捐给博物馆?苏雯心里冷笑。那是她最后的“体面”,是她在这个用金钱堆砌起来的婚姻和家庭里,唯一能证明自己“出身”的东西。怎么可能捐掉?而且,今夜发生的怪事,她一个字都不会对李志强说。这个男人活在数字和报表里,根本无法理解这种属于“旧时代”的、阴湿的恐惧。
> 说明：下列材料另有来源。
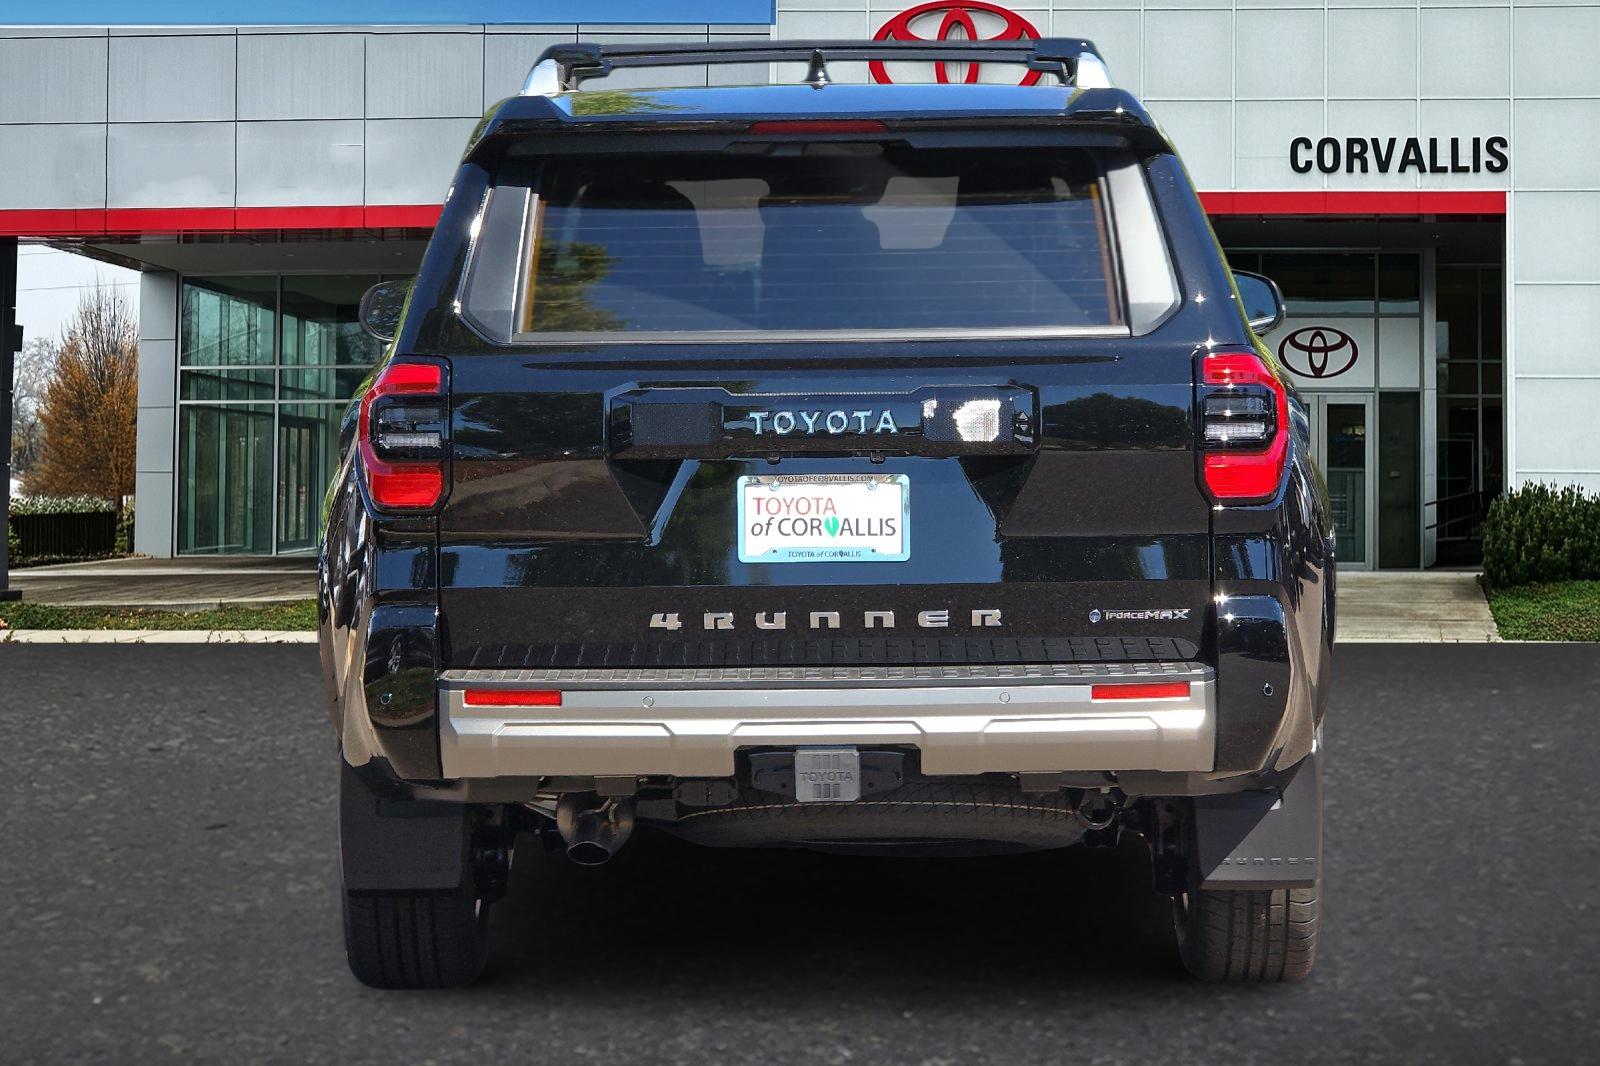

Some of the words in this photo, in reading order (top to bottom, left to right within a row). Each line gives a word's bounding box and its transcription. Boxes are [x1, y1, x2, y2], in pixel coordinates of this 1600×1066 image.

[1289, 136, 1509, 174] CORVALLIS
[749, 410, 899, 435] TOYOTA
[752, 496, 837, 515] TOYOTA
[751, 516, 775, 537] of
[800, 771, 853, 782] TOYOTA
“不用你操心。”苏雯站起身,整理了一下真丝睡袍的腰带,“小强,去换衣服。我要检查你的手型。”
小强身体一僵,默默放下叉子,溜下了椅子。
苏雯走进餐厅旁边的展示柜前。玻璃门上了锁,她用钥匙打开,取出母亲的那套骨瓷茶具。一共八件:一壶、四杯、四碟。她一件件清点,指尖感受着瓷器温润如玉的质感。刚才那只杯子也在其中,安安静静地立在托盘里,仿佛昨夜的旋转和舔舐从未发生。那针尖大的气泡依然存在,但里面的“人脸”不见了,只是一个普通的、微不足道的瑕疵。
是幻觉吗?是因为最近太累了吗?
苏雯拿起那只杯子,走到窗边。晨光熹微,透过杯壁,将杯中的虚空染成了淡淡的琥珀色。她忽然想起小时候,母亲教她喝茶。滚烫的茶水注入杯中,母亲要求她必须用三根手指捏着杯耳,手腕悬空,不能抖,不能洒出一滴。一旦失误,就会挨骂,甚至被罚站。
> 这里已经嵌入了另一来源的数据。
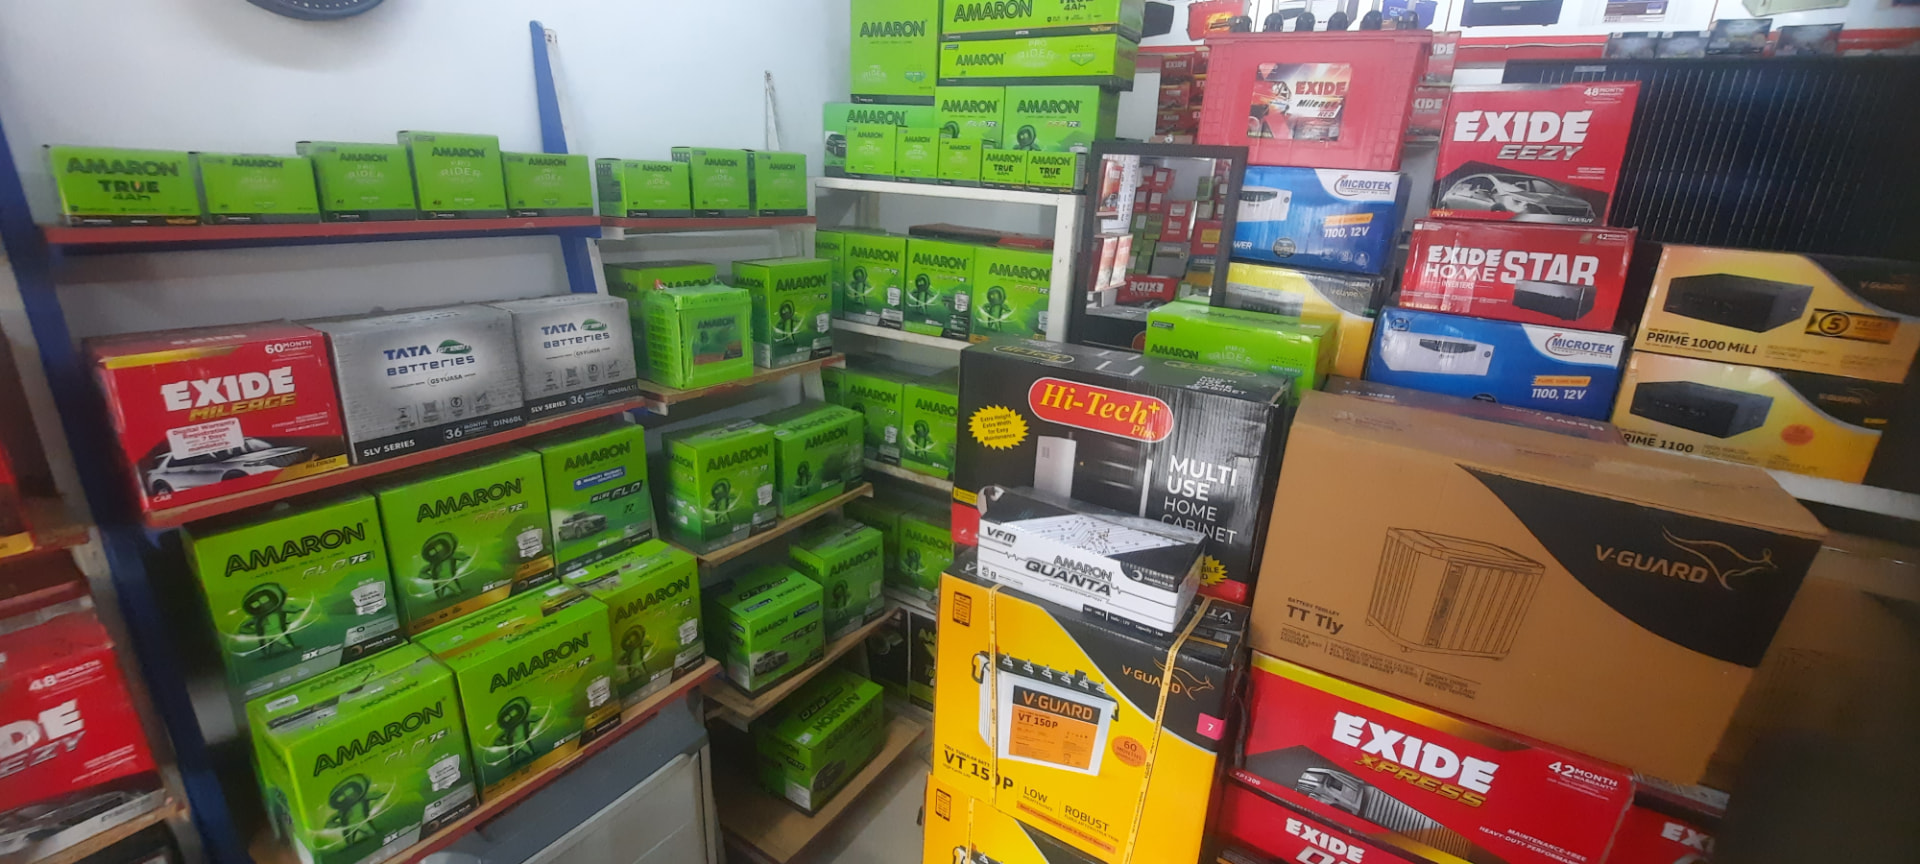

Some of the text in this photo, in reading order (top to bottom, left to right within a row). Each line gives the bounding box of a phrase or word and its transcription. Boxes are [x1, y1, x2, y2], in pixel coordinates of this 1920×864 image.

[954, 0, 1033, 22] AMARON
[860, 21, 926, 38] AMARON
[956, 53, 1005, 67] AMARON
[1295, 82, 1348, 96] EXIDE
[1584, 87, 1599, 97] 48
[942, 100, 998, 114] AMARON
[1017, 100, 1080, 114] AMARON
[1296, 99, 1343, 109] Mileage
[847, 109, 906, 125] AMARON
[1453, 110, 1594, 143] EXIDE
[857, 131, 884, 139] AMARON
[904, 136, 931, 144] AMARON
[339, 152, 388, 163] AMARON
[432, 147, 486, 158] AMARON
[528, 157, 568, 167] AMARON
[985, 153, 1024, 163] AMARON
[1030, 156, 1071, 167] AMARON
[1496, 144, 1583, 161] EEZY
[66, 157, 180, 178] AMARON
[231, 158, 285, 169] AMARON
[642, 164, 673, 173] AMARON
[704, 157, 738, 168] AMARON
[769, 162, 797, 171] AMARON
[993, 164, 1014, 173] TRUE
[1039, 167, 1061, 176] TRUE
[98, 180, 160, 193] TRUE
[1340, 180, 1393, 190] MICROTEK
[1350, 226, 1370, 237] 12V
[850, 245, 900, 264] AMARON
[912, 252, 968, 272] AMARON
[988, 262, 1051, 282] AMARON
[1425, 264, 1497, 283] HOME
[1428, 246, 1600, 287] EXIDE STAR
[776, 274, 828, 293] AMARON
[541, 323, 577, 336] TATA
[697, 317, 736, 330] AMARON
[265, 344, 284, 354] 60
[283, 340, 312, 348] MONTH
[1552, 338, 1615, 354] MICROTEK
[1647, 332, 1690, 347] PRIME
[1692, 338, 1726, 352] 1000
[383, 345, 432, 361] TATA
[1150, 344, 1199, 360] AMARON
[160, 366, 296, 412] EXIDE
[849, 384, 897, 404] AMARON
[1532, 388, 1587, 400] 1100, 12V
[188, 393, 297, 422] MILEAGE
[570, 395, 585, 405] 36
[914, 397, 957, 417] AMARO
[804, 427, 849, 451] AMARON
[1131, 424, 1158, 440] Plus
[363, 445, 382, 457] SLV
[383, 439, 416, 454] SERIES
[445, 427, 463, 441] 36
[1658, 438, 1694, 454] 1100
[563, 441, 631, 472] AMARON
[706, 444, 770, 472] AMARON
[1168, 454, 1238, 487] MULTI
[153, 493, 173, 503] CAR
[1166, 477, 1210, 502] USE
[416, 477, 523, 524] AMARON
[1163, 495, 1218, 523] HOME
[904, 526, 953, 552] AMARON
[986, 526, 1017, 544] VFM
[225, 521, 366, 578] AMARON
[828, 546, 880, 578] AMARON
[1053, 555, 1113, 582] AMARON
[1595, 544, 1709, 584] V-GUARD
[1024, 560, 1112, 597] QUANTA
[615, 575, 691, 624] AMARON
[1287, 603, 1311, 622] TT
[490, 631, 590, 694] AMARON
[28, 674, 57, 691] 48
[1121, 664, 1182, 695] V-GUAD
[1022, 690, 1093, 721] V-GUARD
[1018, 712, 1031, 723] VT
[314, 700, 445, 777] AMARON
[1123, 740, 1138, 753] 60
[943, 749, 967, 770] VT
[1331, 711, 1501, 795] EXIDE
[1354, 752, 1488, 808] XPRESS
[1548, 761, 1619, 788] 42 MONTH
[1023, 785, 1048, 804] LOW
[1064, 804, 1110, 833] ROBUST
[1285, 816, 1367, 864] EXIDE
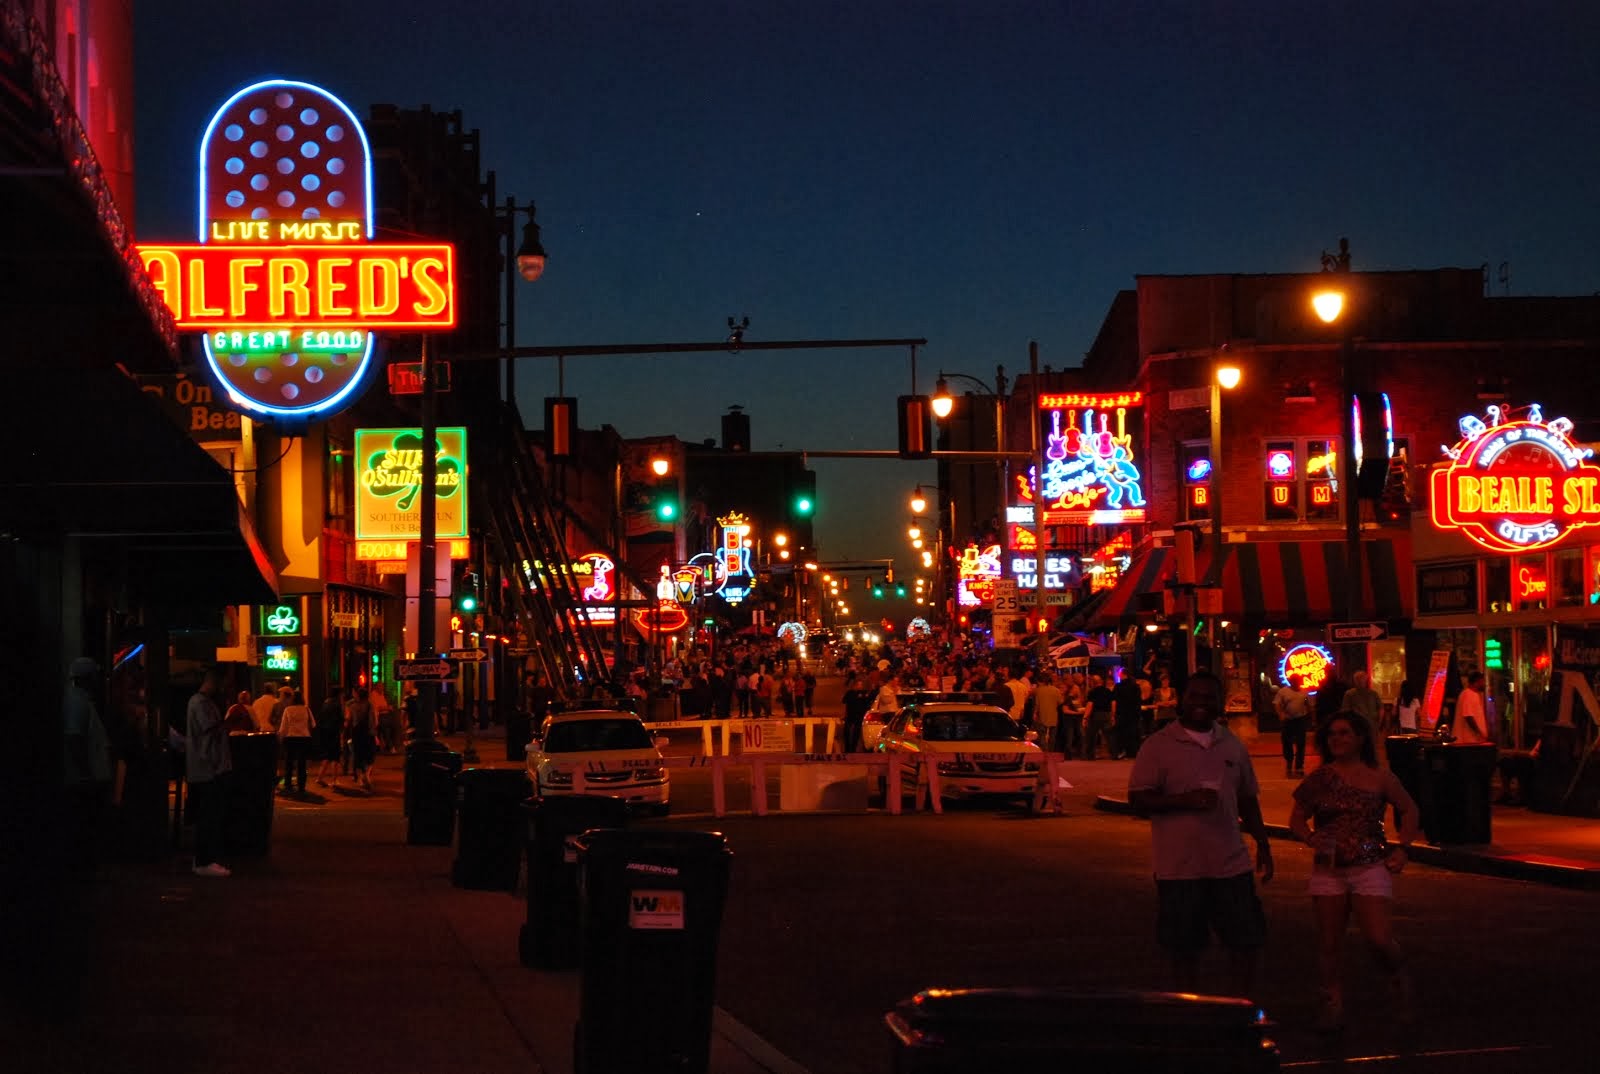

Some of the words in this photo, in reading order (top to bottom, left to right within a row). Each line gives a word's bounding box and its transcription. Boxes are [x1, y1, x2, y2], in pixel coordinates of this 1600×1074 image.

“茶如人生,拿稳了,才不会烫着手。”母亲的话言犹在耳。
苏雯看着杯中倒映的、自己扭曲的脸,突然感到一阵强烈的恶心。她猛地将杯子放回托盘,力道之大,让其他杯碟都跟着震颤了一下。
“妈妈?”小强不知何时站在了门口,已经换好了整洁的衬衫马甲,像个缩水的小绅士。他看着苏雯,眼神里满是怯懦。
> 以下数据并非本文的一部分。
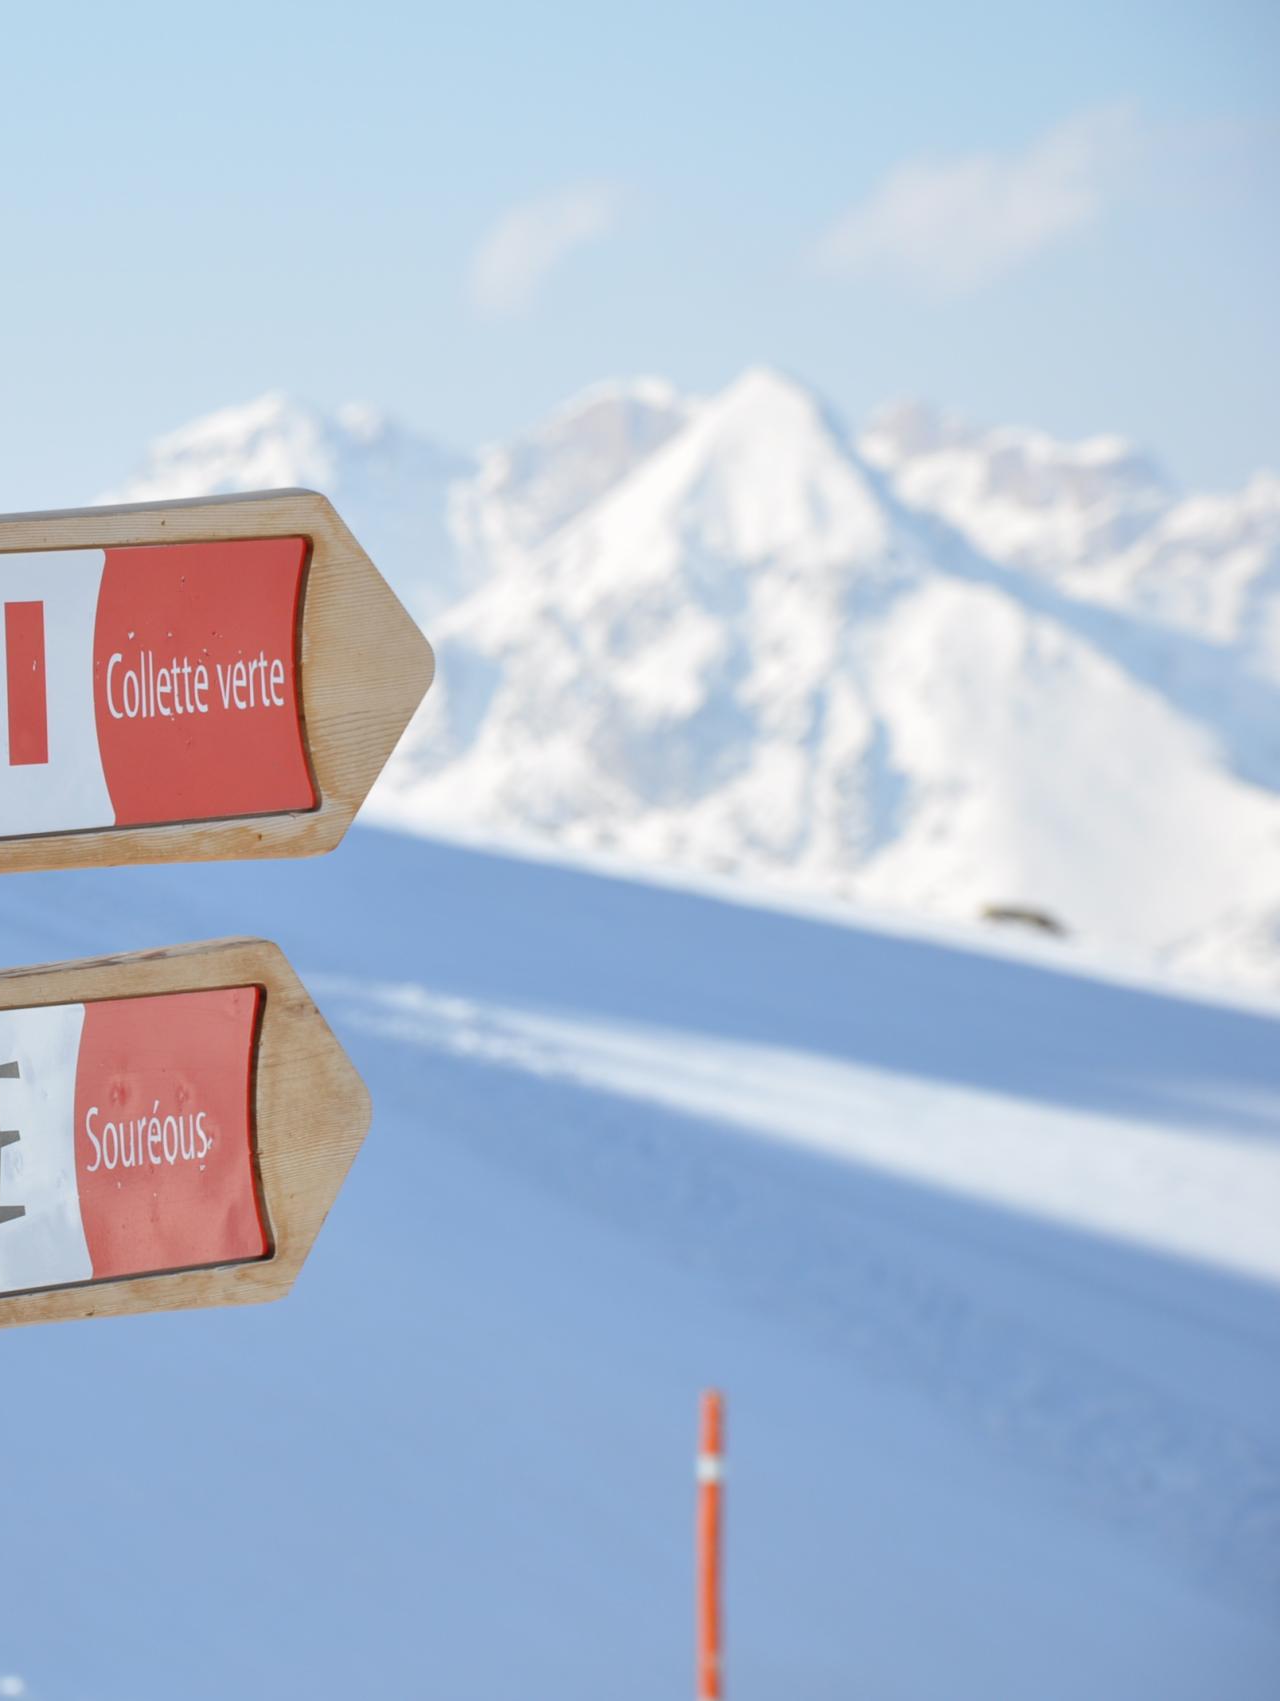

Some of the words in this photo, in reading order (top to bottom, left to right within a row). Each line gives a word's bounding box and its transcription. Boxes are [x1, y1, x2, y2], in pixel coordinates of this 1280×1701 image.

“看着我干什么?”苏雯的声音陡然拔高,“去琴房!把音阶弹一百遍!在我回来之前,不许停!”
小强吓得一哆嗦,转身跑向琴房。
苏雯深吸一口气,强迫自己冷静下来。她不能乱。这个家不能乱。她看着玻璃柜里那套昂贵的、沉默的骨瓷,一种熟悉的、近乎偏执的念头涌上心头:这些东西必须完美,必须无瑕,必须永远保持它们现在的样子。就像她的人生,就像小强,不能有丝毫的差错。
因为任何一点“磕碰”,都会让价值归零。
上午的陪练时间,是苏雯一天中最煎熬,也最亢奋的时刻。
周老师是个留着长发、眼神挑剔的中年男人,弹得一手好琴,却教得极其严苛。他坐在小强身边,一根手指随时准备敲打在小强的手背上。
“这里,升Fa!又忘了!你的脑子是木头做的吗?”
“手腕放松!不是让你把手腕折断!”
“力度!力度在哪里?像弹棉花一样!”
斥责声一声高过一声。小强额头上的汗珠大颗大颗地滴落,砸在象牙白的琴键上,留下一小片深色的水渍。他的手指在琴键上翻飞,却总是慢半拍,总是错音,那原本应该流畅优美的练习曲,被他弹得支离破碎,像一串断了线的珠子,在地上胡乱蹦跶。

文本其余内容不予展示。